**AIM OF THE TASK**
Repeat, exactly as written, the lines from the one with "this 1920×1080 image." to the final line of the listing, and keep every picture out.

**GIVEN ENTRIES**
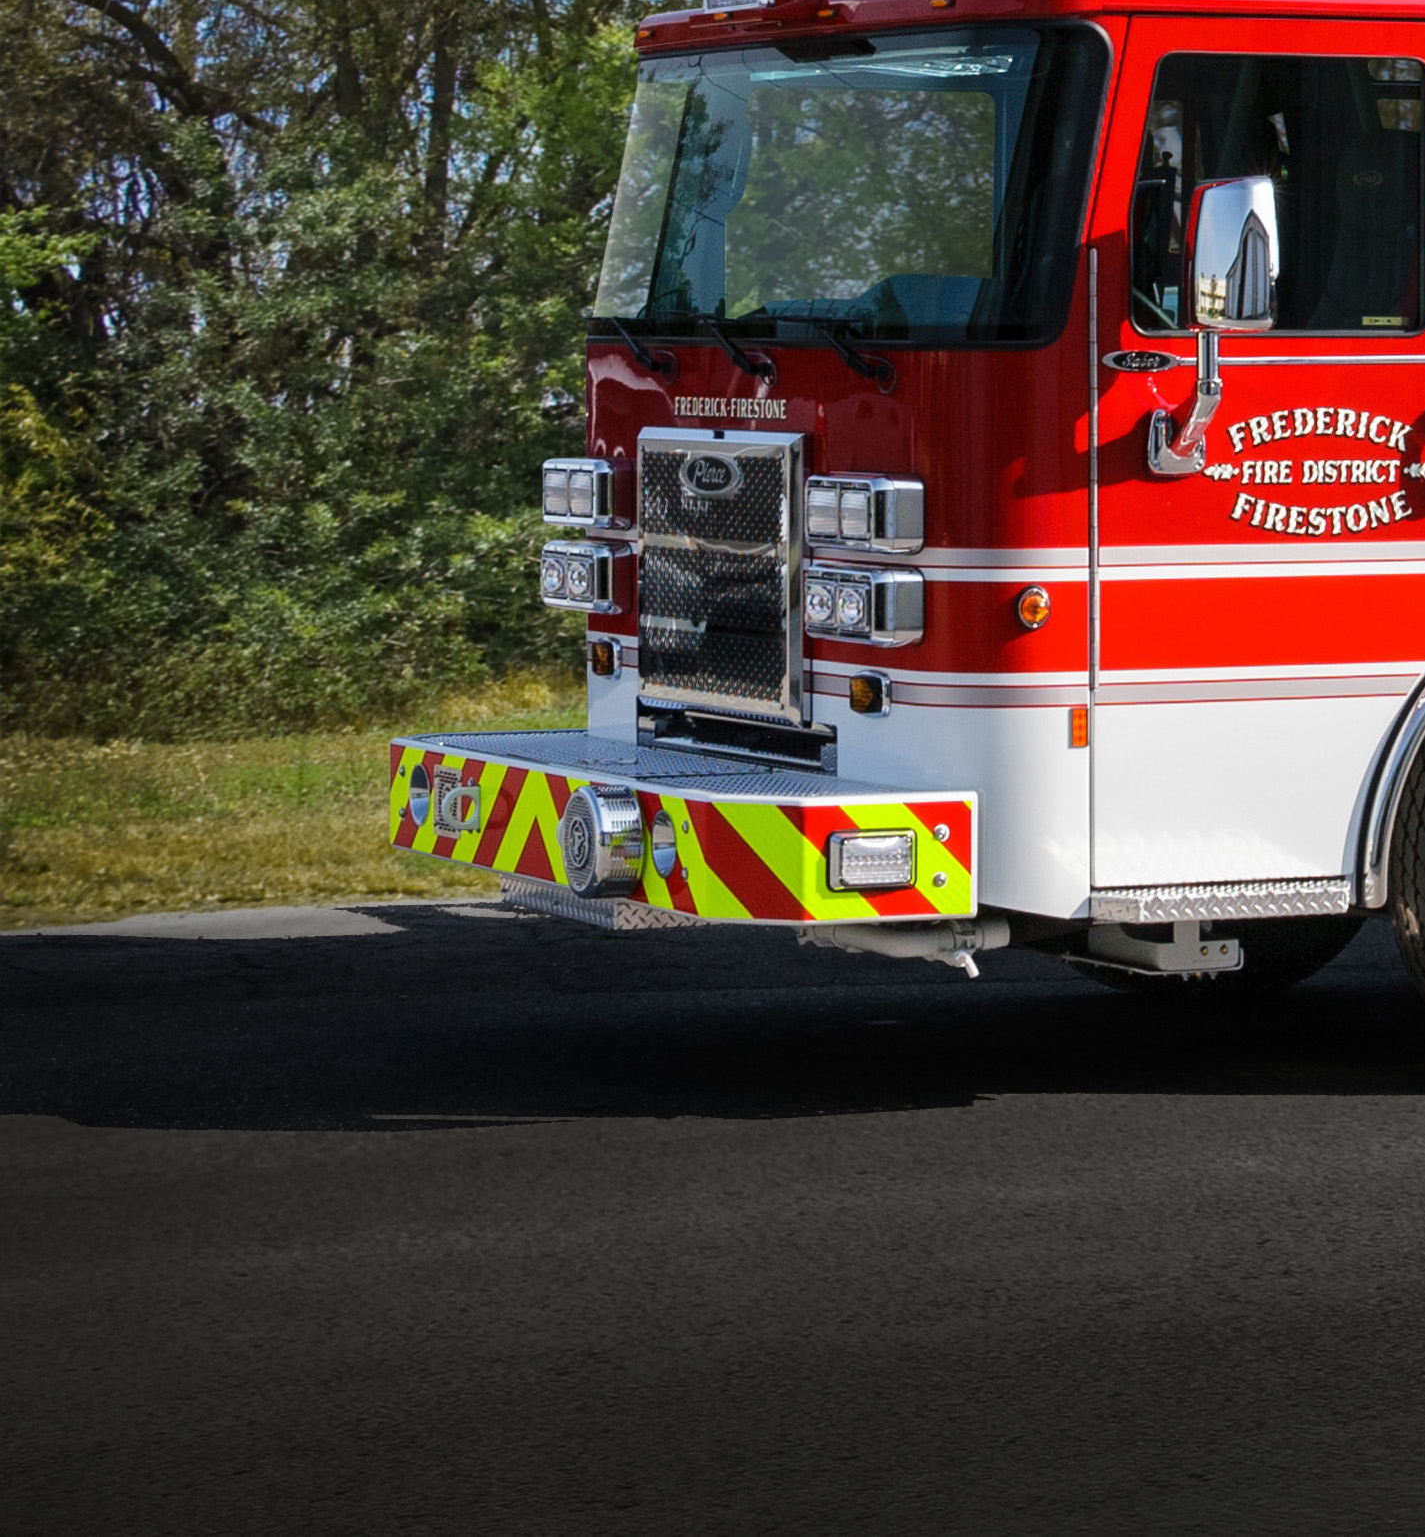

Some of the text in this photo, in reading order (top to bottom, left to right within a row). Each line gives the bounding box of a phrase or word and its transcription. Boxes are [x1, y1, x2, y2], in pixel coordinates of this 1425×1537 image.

[1227, 407, 1414, 454] FREDERICK
[692, 459, 727, 486] Pierce
[1241, 459, 1401, 485] FIRE DISTRICT
[1231, 490, 1413, 536] FIRESTONE
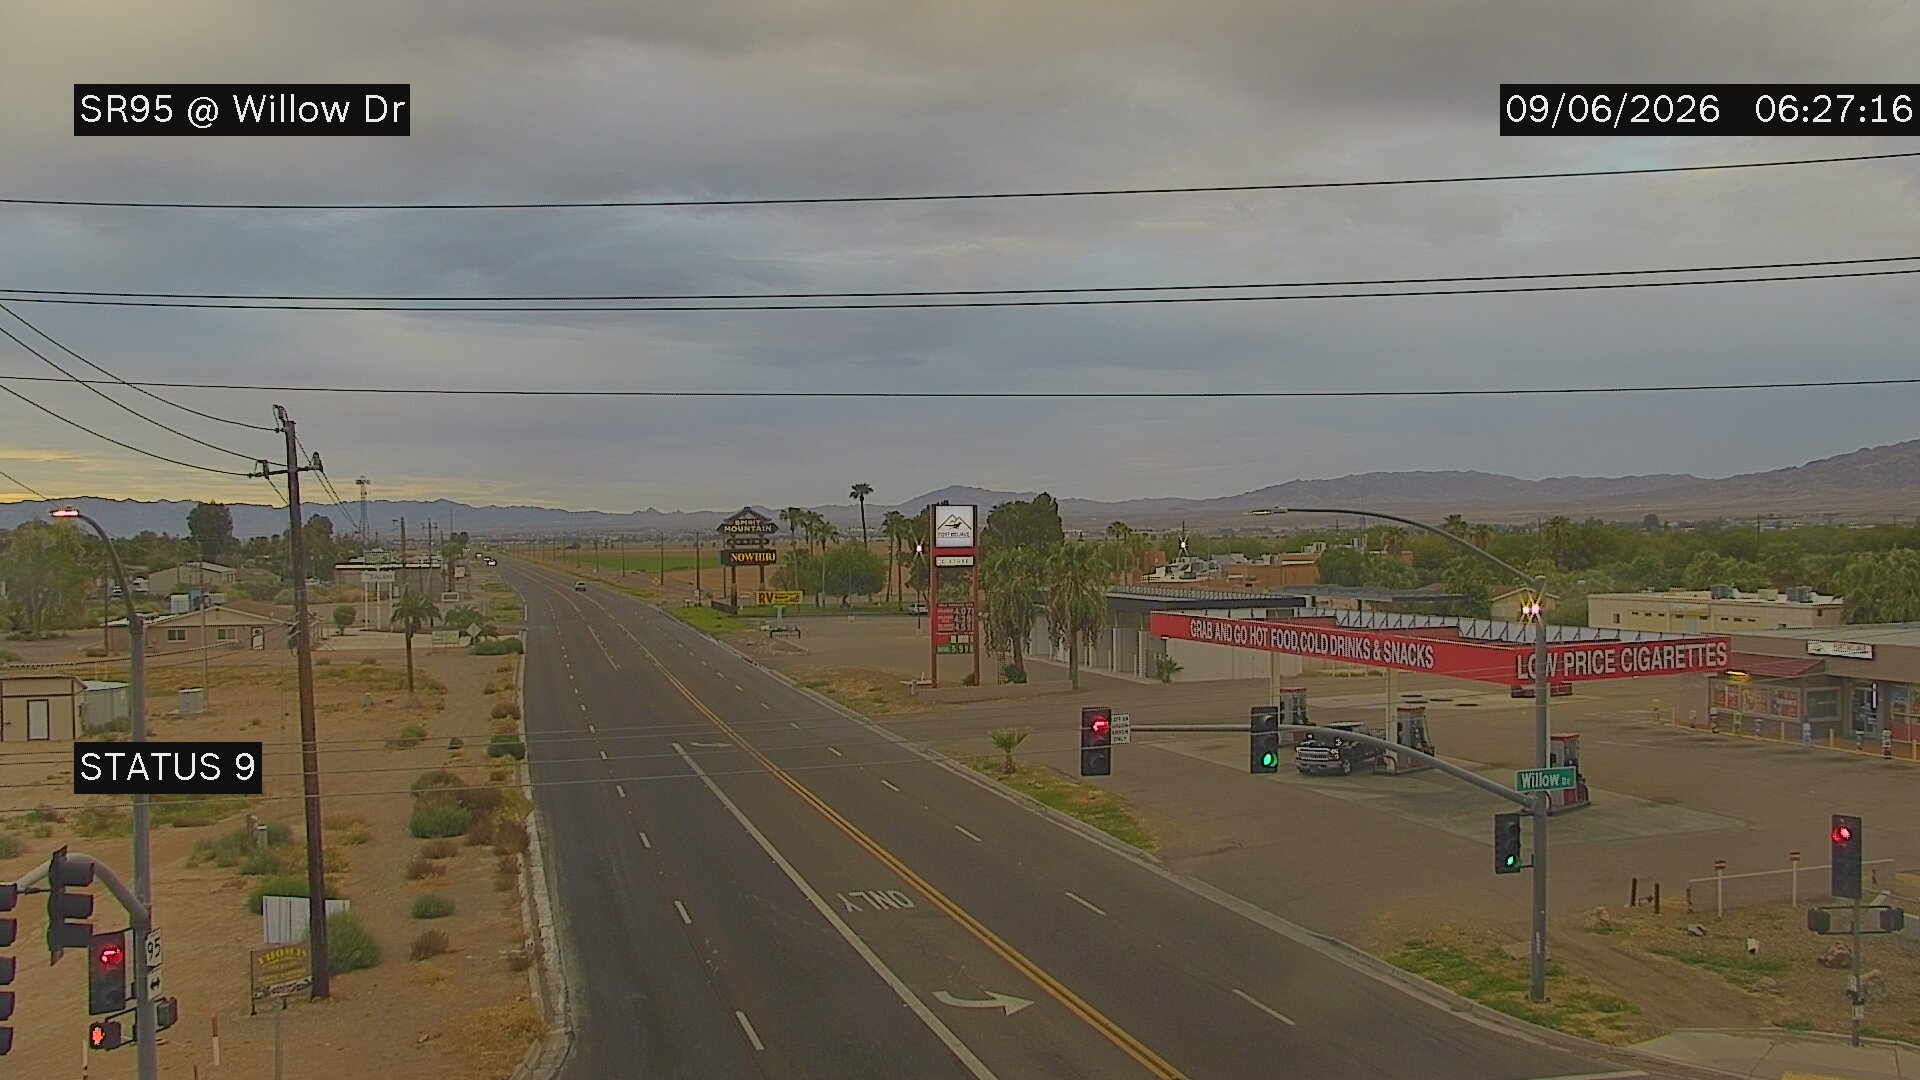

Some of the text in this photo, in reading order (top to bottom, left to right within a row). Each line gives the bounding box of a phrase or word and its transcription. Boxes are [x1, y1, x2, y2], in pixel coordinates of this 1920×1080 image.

[724, 525, 772, 533] MOUNTAIN
[758, 592, 774, 604] RV
[1190, 618, 1213, 640] GRAB
[1214, 621, 1233, 643] AND
[1233, 624, 1248, 645] GO
[1249, 625, 1268, 647] HOT
[1330, 634, 1371, 661] DRINKS
[1372, 642, 1382, 661] &
[1382, 639, 1434, 669] SNACKS
[1563, 649, 1616, 677] PRICE
[1620, 642, 1728, 674] CIGARETTES
[1521, 771, 1560, 789] Willow
[836, 890, 915, 913] ONLY
[147, 936, 161, 961] 95
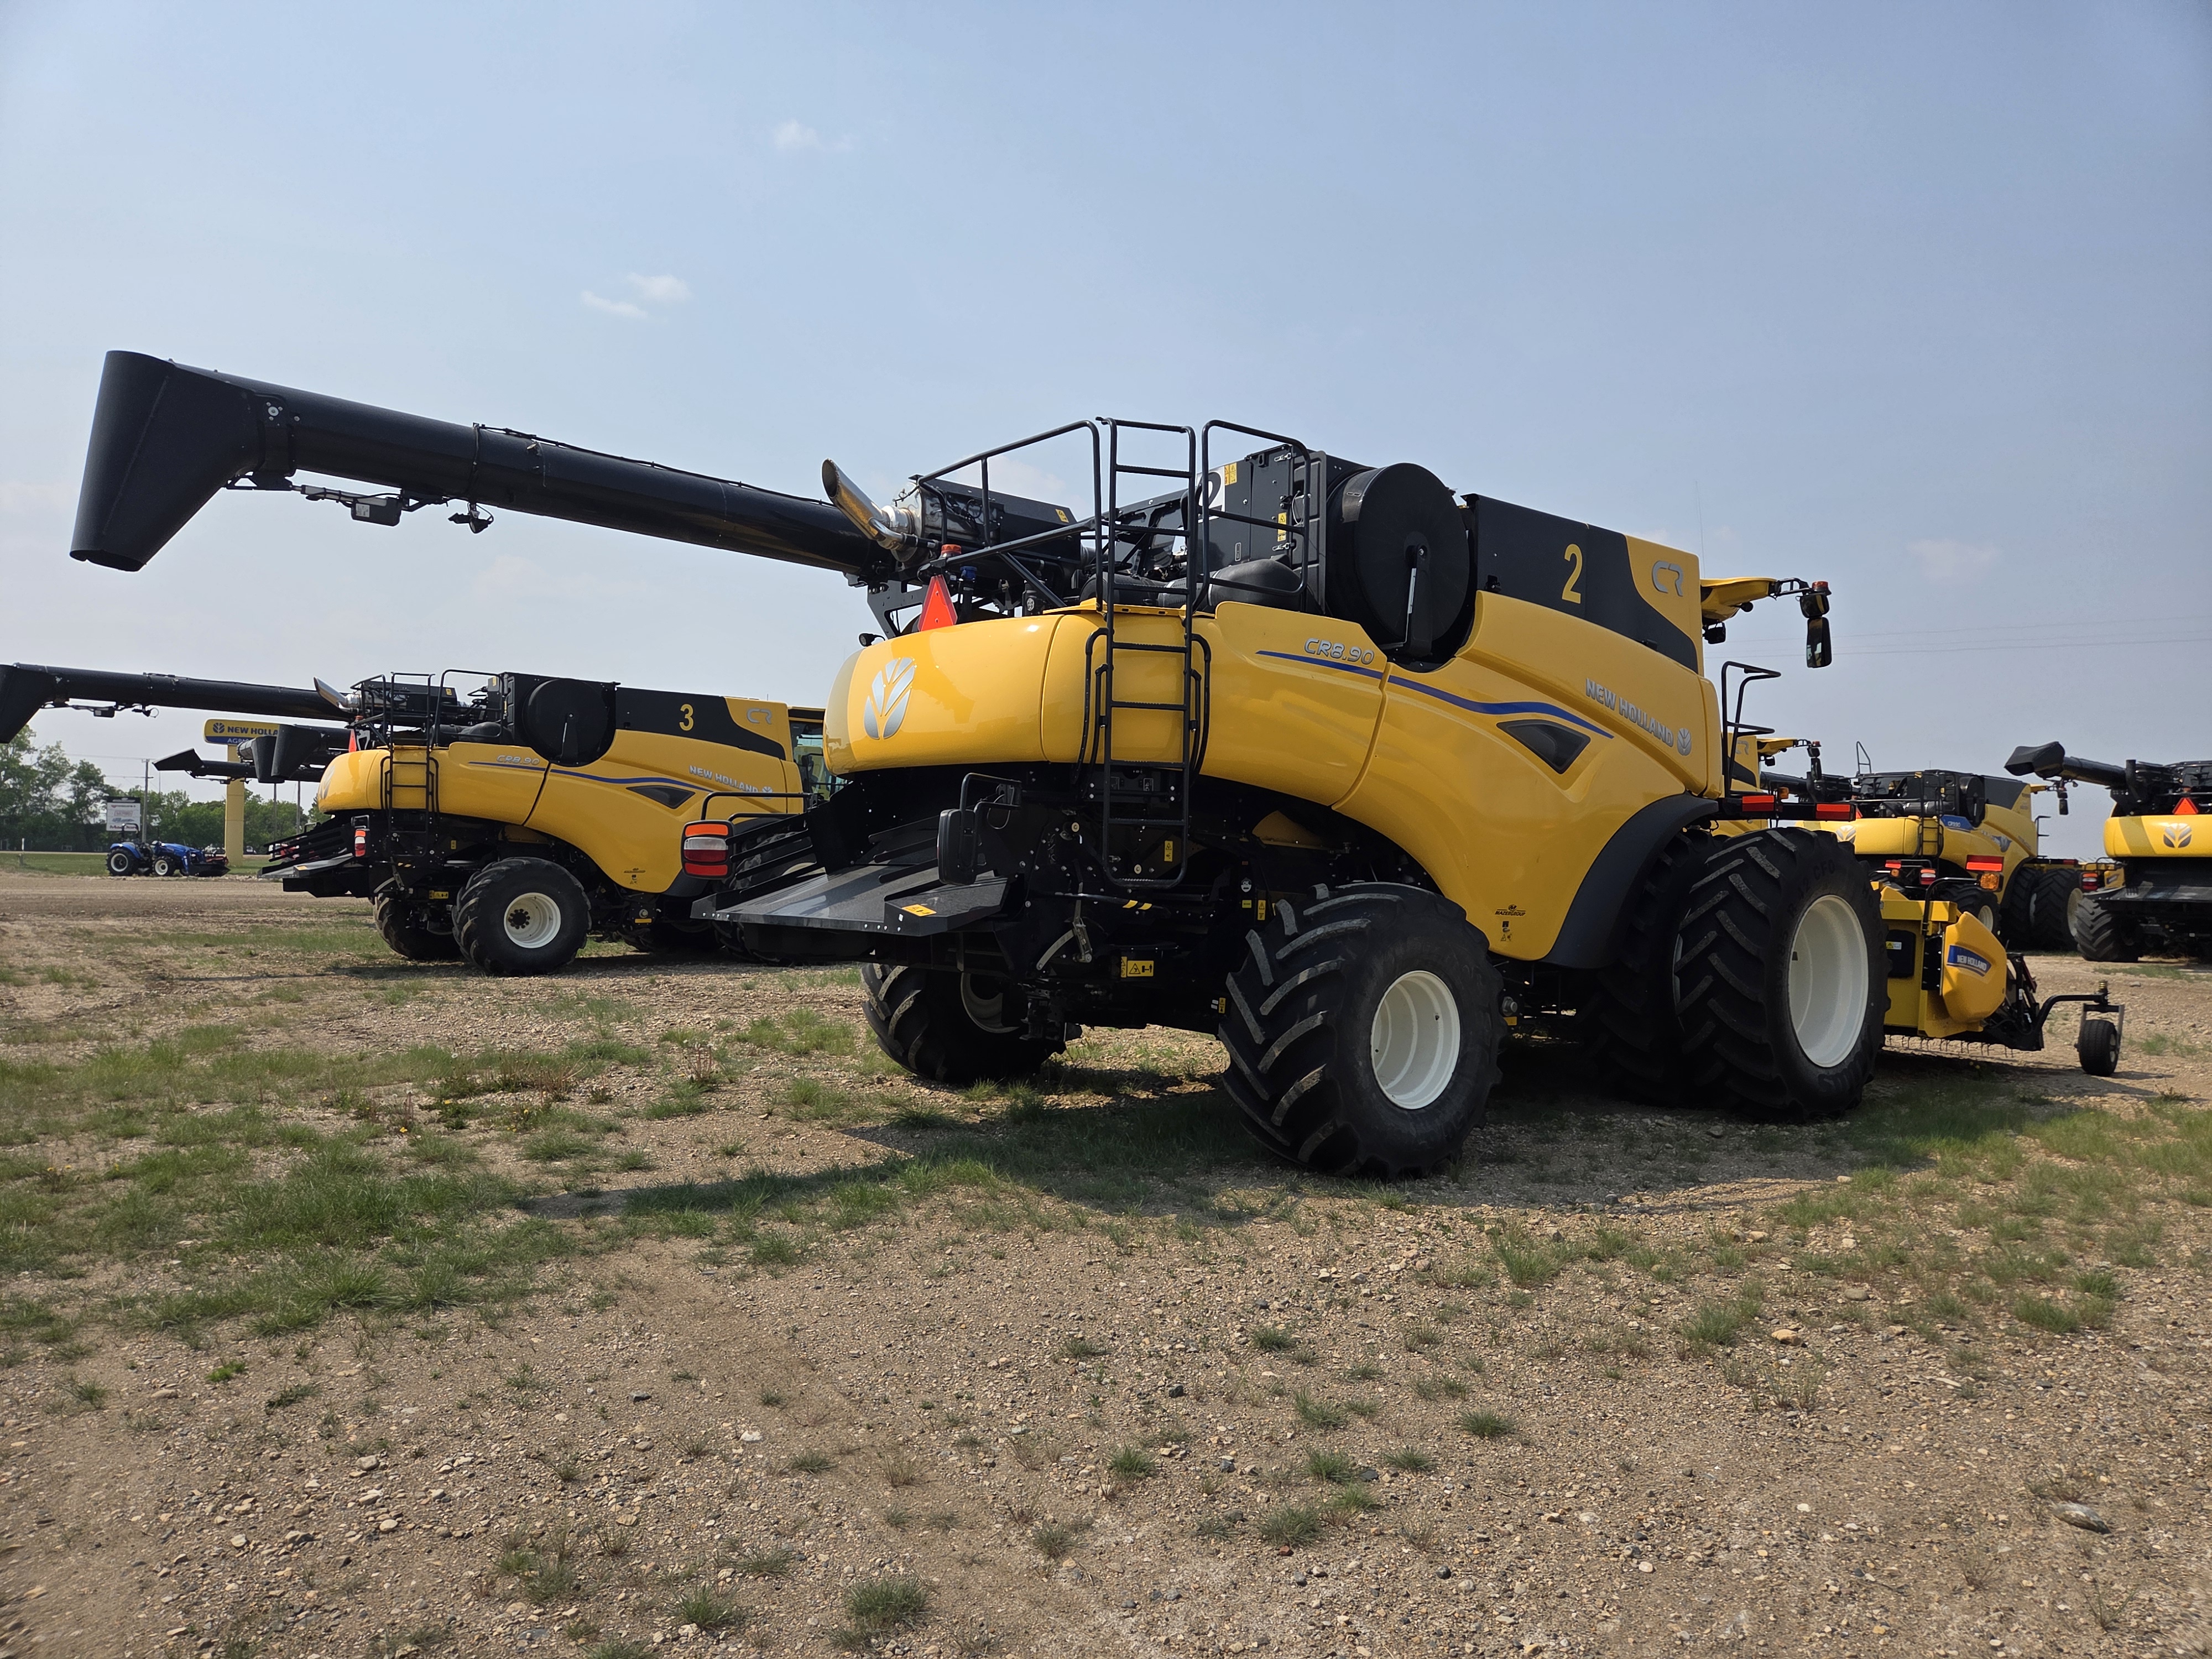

**COMPLETED EXERCISE**
Some of the text in this photo, in reading order (top to bottom, left to right within a row). Each line gives the bounding box of a phrase or word and its transcription. Boxes are [x1, y1, x2, y2], in pixel coordinates of this 1920×1080 image.

[724, 525, 772, 533] MOUNTAIN
[758, 592, 774, 604] RV
[1190, 618, 1213, 640] GRAB
[1214, 621, 1233, 643] AND
[1233, 624, 1248, 645] GO
[1249, 625, 1268, 647] HOT
[1330, 634, 1371, 661] DRINKS
[1372, 642, 1382, 661] &
[1382, 639, 1434, 669] SNACKS
[1563, 649, 1616, 677] PRICE
[1620, 642, 1728, 674] CIGARETTES
[1521, 771, 1560, 789] Willow
[836, 890, 915, 913] ONLY
[147, 936, 161, 961] 95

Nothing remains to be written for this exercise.